Labour calls for two-year deadline to end inappropriate learning disability hospital placements

Move comes as NHS England announces voluntary-sector led project in latest bid to curb use of inpatient services for people with learning disabilities

Liz Kendall
Shadow care minister Liz Kendall, who called for the 2016 deadline today (Credit: Rex)

Labour has called on the government to commit to ending inappropriate placements of people with learning disabilities in hospitals by July 2016.

In the wake of the Winterbourne View scandal, the government pledged to end inappropriate hospital placements by 1 June 2014. However, the latest official figures showed there were still more than 2,615 people living in hospitals as of 31 March, of whom 182 had a transfer date of before 1 June, meaning the target was missed.

The government-backed Winterbourne View Joint Improvement Programme, set up in 2012 to support commissioners to move more people out of hospitals into appropriate community placements, has also been hit by setbacks. Last week the programme’s director, Bill Mumford, stood down following two safeguarding incidents in services operated by MacIntyre, the learning disability provider of which he is the chief executive. A replacement for Mumford has still to be announced.

Liz Kendall, Labour’s shadow care minister, said the lack of progress on the Winterbourne View agenda was “a scandal”.

“The whole country was shocked by the serious abuse and appalling standards of care at Winterbourne View. Ministers promised to move people with learning disabilities out of assessment and treatment units [a form of hospital] and into the community. Labour warned at the time that without a detailed plan and clear deadlines, progress on achieving this would slip. Sure enough, three years on, there has been hardly any change,” she said.

In response, a Department of Health spokesperson said: “People with learning disabilities deserve the best possible care, in their own communities with the right support. Progress on moving people from in-patient settings has been too slow. We have asked NHS England to report back by the end of August to show how they will deliver the Winterbourne View commitments.”

In a statement, Mencap chief executive Jan Tregelles and Viven Coope, chief executive of The Challenging Behaviour Foundation, said action was needed in light of the “dismal failure” to meet June’s deadline.

“A new deadline is important but we really need to see the development of long-term and sustainable care in local communities to ensure people get the right support, in the right place, at the right time. What is imperative is that a clear plan is drawn up which engages everyone who has a role to play in not only moving people out of units but also preventing people being unnecessarily moved into them,” the statement said.

“Urgent action needs to be taken to bring together better informed clinical decision-making with the development, funding and monitoring of local support and services. Further delays in this programme are simply not acceptable.”

Speaking in Parliament last week, care minister Norman Lamb said NHS England expected 892 (35%) of the 2,615 people to be discharged within a year. Lamb also identified two key barriers to people moving out of hospitals.

“When someone transfers from the responsibility of NHS England to the local authority, the responsibility for the funding transfers to the local authority. That creates a disincentive for the local authority to take responsibility for that person, so the money has to flow with the individual.”

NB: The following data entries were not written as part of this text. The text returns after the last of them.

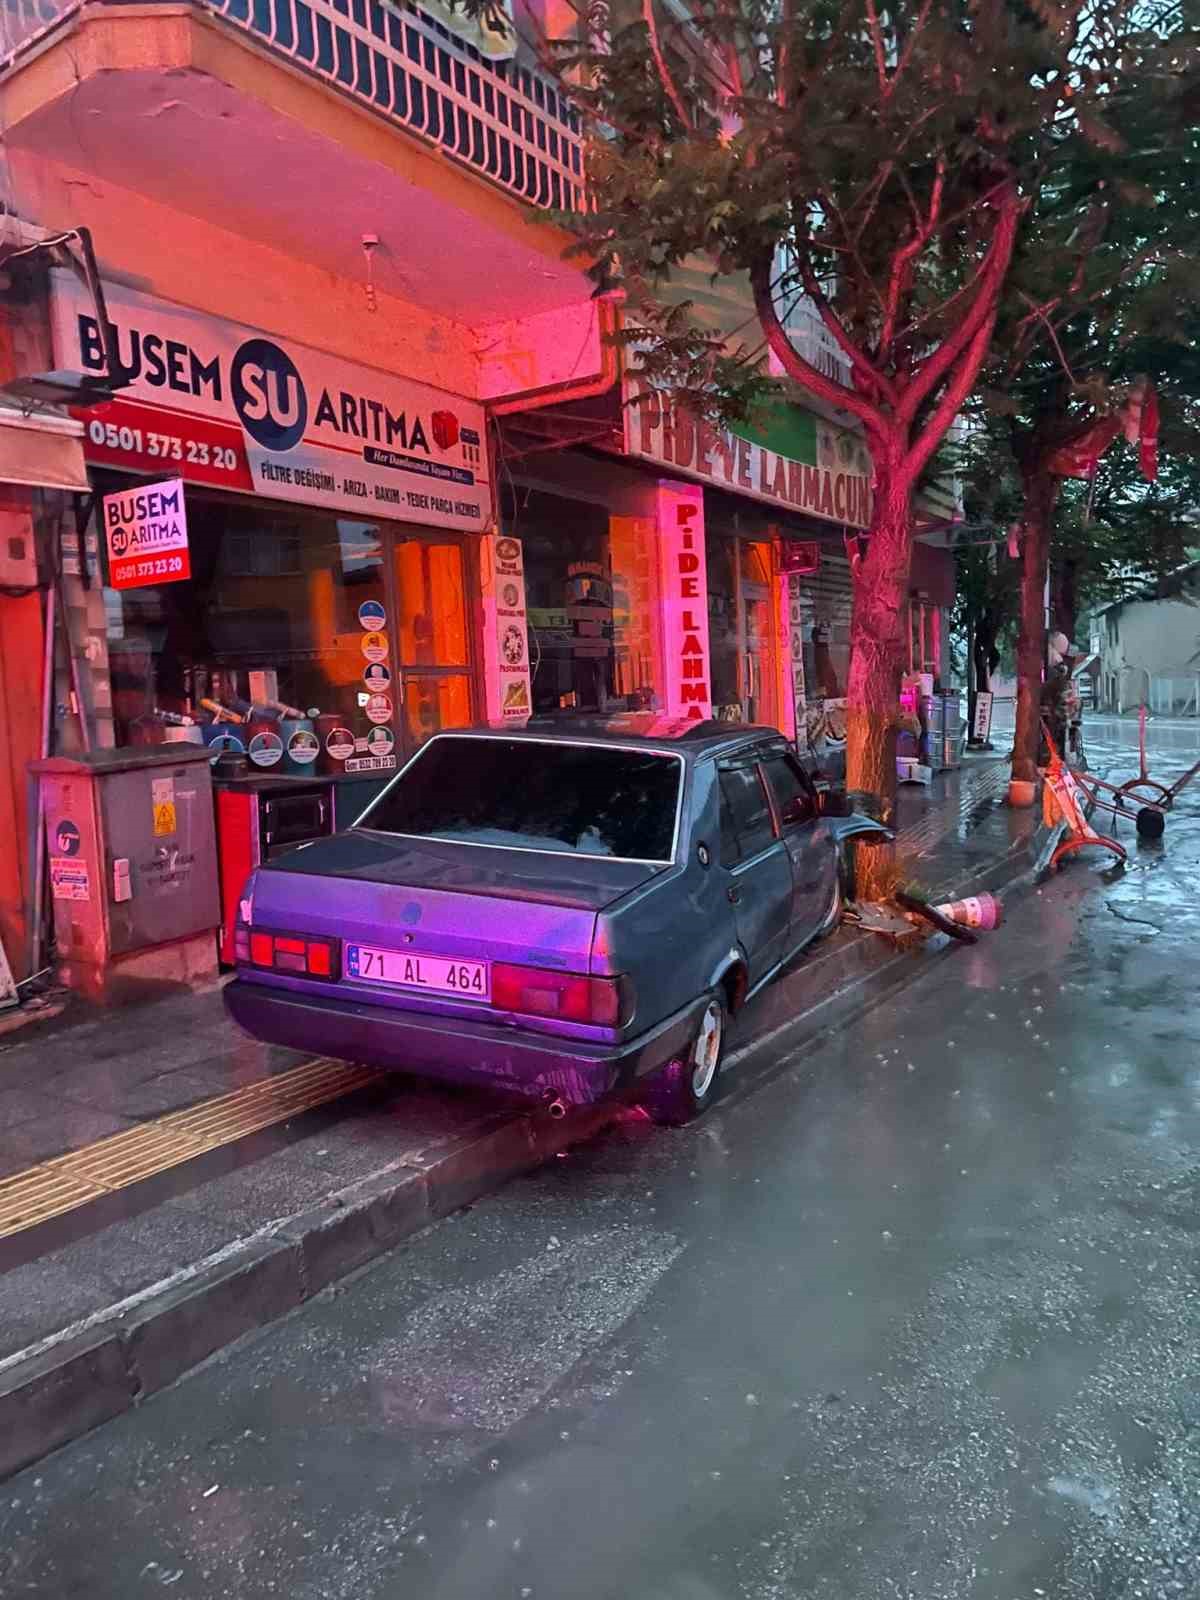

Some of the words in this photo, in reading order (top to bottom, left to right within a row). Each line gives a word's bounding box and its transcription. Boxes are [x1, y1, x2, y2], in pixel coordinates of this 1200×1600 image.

[78, 313, 222, 401] BUSEM
[241, 363, 299, 427] SU
[314, 388, 431, 454] ARITMA
[89, 420, 142, 453] 0501
[147, 431, 183, 460] 373
[186, 440, 210, 465] 23
[212, 446, 237, 471] 20
[260, 460, 293, 484] FİLTRE
[343, 479, 368, 498] ARIZA
[375, 485, 400, 504] BAKIM
[406, 491, 430, 510] YEDEK
[760, 447, 870, 528] LAHMACUN
[107, 489, 180, 527] BUSEM
[112, 532, 128, 551] SU
[130, 521, 182, 545] ARITMA
[115, 565, 136, 581] 0501
[137, 562, 154, 576] 373
[156, 560, 168, 574] 23
[169, 557, 183, 572] 20
[363, 952, 384, 977] 71
[404, 959, 427, 983] AL
[446, 965, 482, 991] 464
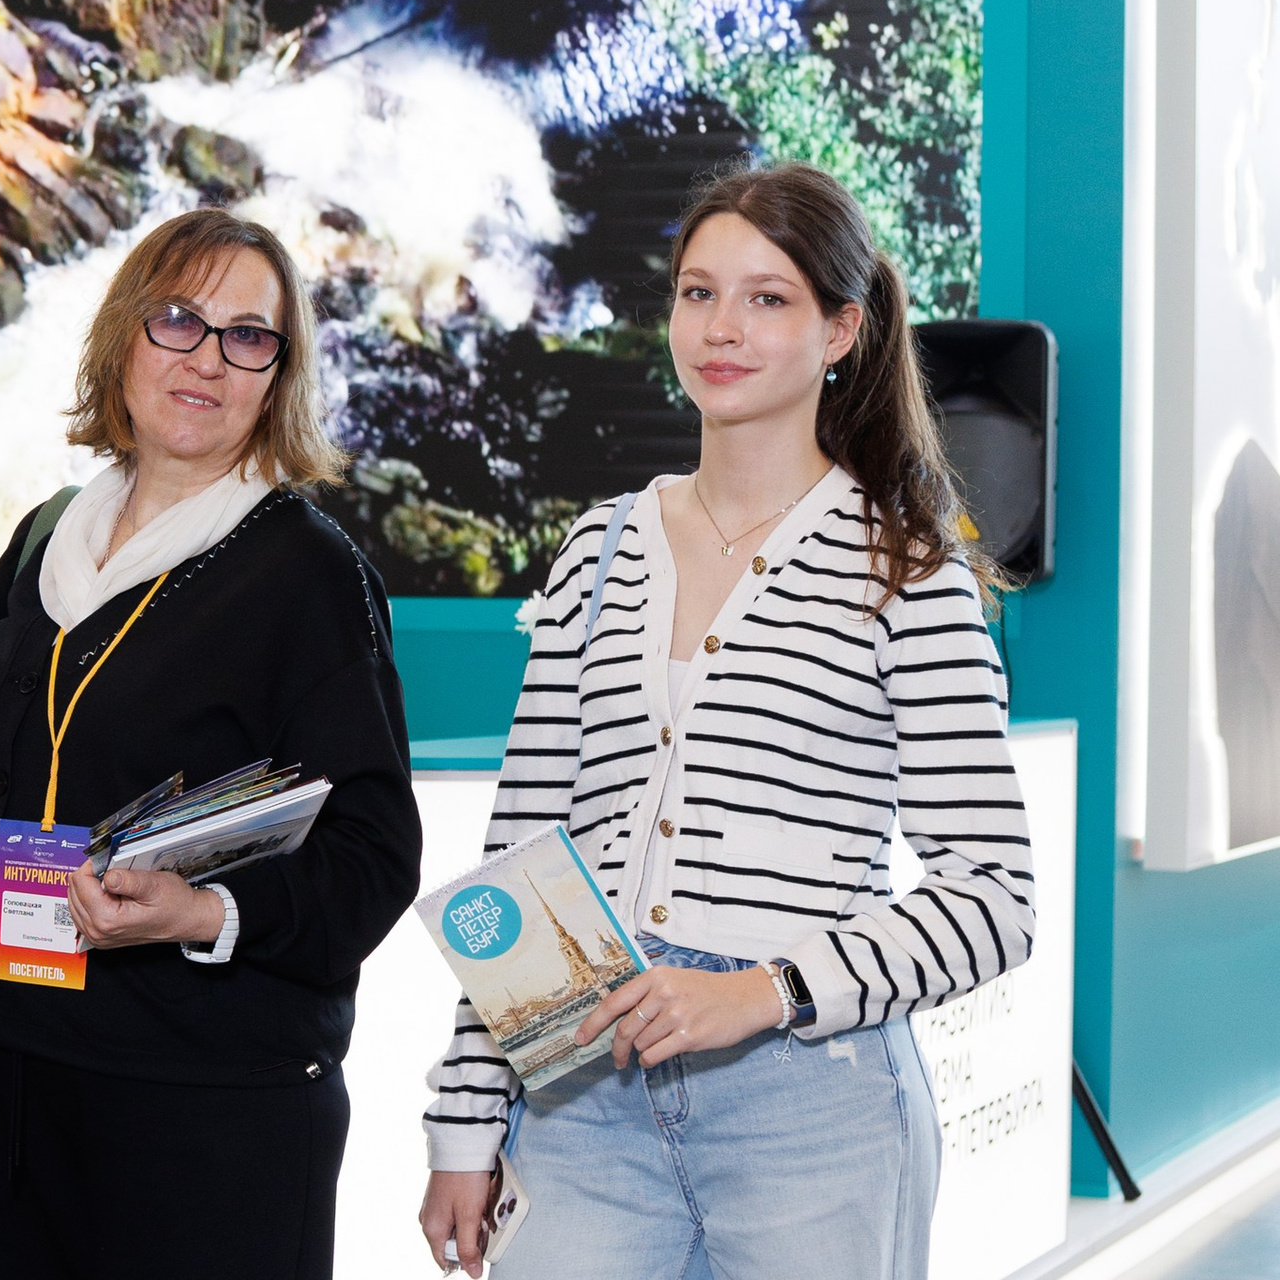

He added: “I have also mentioned that we have to address the question of clinical judgements. That is not to say that in individual cases clinician will not be making their best judgment about an individual’s need to stay in a particular setting, but surely the family need access to a second opinion to be able to challenge that judgment. I am conscious—I say no more than this—that the clinicians who are making the judgment are often employed by the organisation that is receiving payment for providing the bed to the individual.”

Labour’s call for a new deadline came after NHS England announced the establishment of a voluntary-sector led task group tasked with devising ‘co-commissioned’ solutions to cut the use of inappropriate hospital placements. The group will be chaired by Stephen Bubb, chief executive of charity leaders network ACEVO, and will report its findings in October 2014.

Writing on his blog, Bubb said the group planned to create “a national framework, locally delivered”.

“In essence this envisages the closure of most or all of the current inpatient facilities and the transfer of clients to appropriate community placements near their families. This will require investment in buildings, converting houses or building new. However social finance can cover this on the back of sensible commissioning i.e. 10 year contracts. With will, it is entirely doable,” he wrote.

Responding to NHS England’s announcement, some learning disability campaigners raised concerns that the project did not give sufficient priority to input from people with learning disabilities and their families. Questions were also raised over what role local authorities would play in the scheme.

In a statement, NHS England said that the programme will include “healthcare, charity and voluntary sectors, as well as people with learning disabilities and their families.” Asked about the absence of councils from this list, an NHS England spokesperson told Community Care local authorities would also be represented on the group and “are absolutely fundamental” to developing the framework.